Il povero padre divorziato e tenuto lontano dal suo pikkolo re invece ottiene tra le righe persino diverse attenuanti nonostante sia la persona più squallida e piagnina presente nel libro (e di questi personaggi qui c'è la fila, come si è visto) in quanto imprenditore del nord (quindi ovviamente "si è fatto da sé", a differenza della gente di Napule che sa arricchirsi solo imbrogliando o perché i soldi arrivano dal papi) costretto a imbrogliare e fare cose orribili (tipo frodare il fisco) a causa della crisi e lui ha quasi 1000 dipendenti da pagare.
D'altronde è uno che insegna al figlio che il supereroe più fico è Batman (che proprio come lui imbroglia, fa cose orribili e deve ricorrere a forzature di sceneggiatura per trionfare sul suo nemico power-munito), deve avere per forza qualcosa che non va.
"Con papà lo diciamo sempre, no? Che tu sei il più grande di tutti i supereroi. Che sei il migliore di tutti, il più forte.
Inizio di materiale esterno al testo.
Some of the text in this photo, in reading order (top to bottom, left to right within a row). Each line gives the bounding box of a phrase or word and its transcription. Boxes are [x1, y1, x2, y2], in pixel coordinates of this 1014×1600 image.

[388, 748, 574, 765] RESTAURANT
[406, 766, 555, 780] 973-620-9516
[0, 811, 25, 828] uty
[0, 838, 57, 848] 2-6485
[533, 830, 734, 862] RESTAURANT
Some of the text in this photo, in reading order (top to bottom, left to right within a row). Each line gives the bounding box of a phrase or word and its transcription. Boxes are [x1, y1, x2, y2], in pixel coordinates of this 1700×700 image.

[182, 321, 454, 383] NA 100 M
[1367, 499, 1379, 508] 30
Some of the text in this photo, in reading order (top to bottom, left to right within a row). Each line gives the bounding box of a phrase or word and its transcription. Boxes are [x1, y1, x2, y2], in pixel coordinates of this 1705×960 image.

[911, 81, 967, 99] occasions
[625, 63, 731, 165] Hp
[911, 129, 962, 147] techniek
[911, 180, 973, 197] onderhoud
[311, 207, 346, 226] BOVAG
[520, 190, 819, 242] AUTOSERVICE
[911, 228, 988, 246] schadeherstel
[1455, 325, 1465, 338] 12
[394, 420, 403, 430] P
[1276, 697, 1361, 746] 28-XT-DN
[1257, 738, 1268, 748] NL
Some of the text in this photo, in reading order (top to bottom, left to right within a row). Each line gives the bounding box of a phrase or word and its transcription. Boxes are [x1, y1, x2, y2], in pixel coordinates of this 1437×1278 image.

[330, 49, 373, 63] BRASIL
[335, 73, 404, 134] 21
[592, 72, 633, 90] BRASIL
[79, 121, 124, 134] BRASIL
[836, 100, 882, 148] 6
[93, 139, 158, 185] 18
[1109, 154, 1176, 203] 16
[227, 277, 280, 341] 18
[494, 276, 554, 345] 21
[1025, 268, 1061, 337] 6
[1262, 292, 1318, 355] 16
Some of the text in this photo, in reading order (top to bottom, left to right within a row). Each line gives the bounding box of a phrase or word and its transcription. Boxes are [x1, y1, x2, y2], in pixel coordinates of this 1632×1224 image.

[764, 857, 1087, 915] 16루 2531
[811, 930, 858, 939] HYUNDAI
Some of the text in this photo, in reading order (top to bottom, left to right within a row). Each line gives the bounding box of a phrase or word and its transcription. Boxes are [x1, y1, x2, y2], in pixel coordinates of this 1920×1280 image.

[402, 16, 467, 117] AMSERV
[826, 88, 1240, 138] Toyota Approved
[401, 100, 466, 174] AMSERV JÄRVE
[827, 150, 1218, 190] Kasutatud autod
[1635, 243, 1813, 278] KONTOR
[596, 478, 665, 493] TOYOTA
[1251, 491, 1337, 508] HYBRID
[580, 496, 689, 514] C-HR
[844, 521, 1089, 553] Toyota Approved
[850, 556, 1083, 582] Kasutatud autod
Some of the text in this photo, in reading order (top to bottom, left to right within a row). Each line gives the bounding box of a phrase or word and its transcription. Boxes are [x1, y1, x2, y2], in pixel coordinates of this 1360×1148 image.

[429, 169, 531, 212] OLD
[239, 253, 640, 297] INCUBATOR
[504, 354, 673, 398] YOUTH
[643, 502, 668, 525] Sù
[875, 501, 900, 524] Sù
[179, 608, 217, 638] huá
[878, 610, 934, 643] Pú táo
Papà me l'ha spiegato, quand'ero piccino e stavamo ancora insieme, quando mi prendeva a cavalluccio sulle spalle e mi diceva: tu sei il mio piccolo re, vedi, e io sono il tuo gigante, ti porto dove vuoi.Papà me l'ha spiegato perché sei il migliore tra gli eroi: è perché non hai superpoteri.Sono bravi tutti a vincere coi cattivi, se sanno volare o hanno l'ultraforza o gli occhi coi raggi verdi. E' facile così. Invece tu, Batman, sei un uomo normale. Però sei coraggioso e intelligente."
Rimango abbastanza perplessa anche sul fattore romance/corteggiamento: si parte da donne che ritengono sia una cosa normale provarci con l'uomo che gli piace tirando in ballo il nomignolo che gli dava sua madre e si arriva a Palma e Romano che stalkerano i rispettivi interessi amorosi sotto casa, e ci fosse un segno da parte del narratore onnisciente che ci avverta sul fatto che no, non è normale e no, non è sano.
Ma se sei antieroe ti abbuonano tutto, parrebbe.
Si salva parzialmente la love story saffica tra Di Nardo e la Martone, la capa della scientifica: un gioco di sguardi e imbarazzi carino anche se un po' virante al didascalico (con le immancabili squadrate di curve che non possono mancare, anche se visto che la Di Nardo arriva da una famiglia molto rigida a cui deve nascondere da una vita la sua sessualità ed è comunque una ragazza molto giovane ci sta che si impappini come una scolaretta degli anime shojo davanti a una bella donna che sicuramente ci sta provando con te), la richiesta di un numero di telefono in modo molto naturale e un messaggio che invita a prendere un caffè insieme, se interessate, ma senza impegno. Forse Letizia, Palma e Romano dovrebbero imparare dalla Martone come si cucca.
*
IN CONCLUSIONE...
Buio per i bastardi di Pizzofalcone è una lettura scorrevole con qualche momento divertente (come vedere Aragona che si crede tutto figo e maschio nel rivolgere uno sguardo ammiccante ad un'anonima donna delle pulizie dell'albergo in cui vive grazie al supporto dei genitori, e in cui lavora l'amata Irina, che di rimando lo ritiene un cretino zozzone. Donna delle pulizie una di noi!) e qualche momento intrigante (come l'indagine del buon Pisanelli sui vecchi morti suicidi, che continua senza sosta).
Il libro si macina in fretta ma pecca, per quel che mi riguarda, di un animo eccessivamente testosteronico accompagnato in questo caso da un patetismo di melassa fastidioso dovuto al fatto che la vittima è un bambino biondo e caruccetto quindi anche se sei un poliziotto temprato dalla vita devi passare metà del tempo ad angosciarti. I personaggi in quanto antieroi devono essere detestabili, ed è realistico che abbiano certi pensieri scorretti, ma sarebbe carino se ogni tanto trasparisse dal narratore esterno una sottile condanna invece di una continua indulgenza nei confronti di comportamenti esecrabili.
Pisanelli, resti solo tu a salvarci dal delirio machista!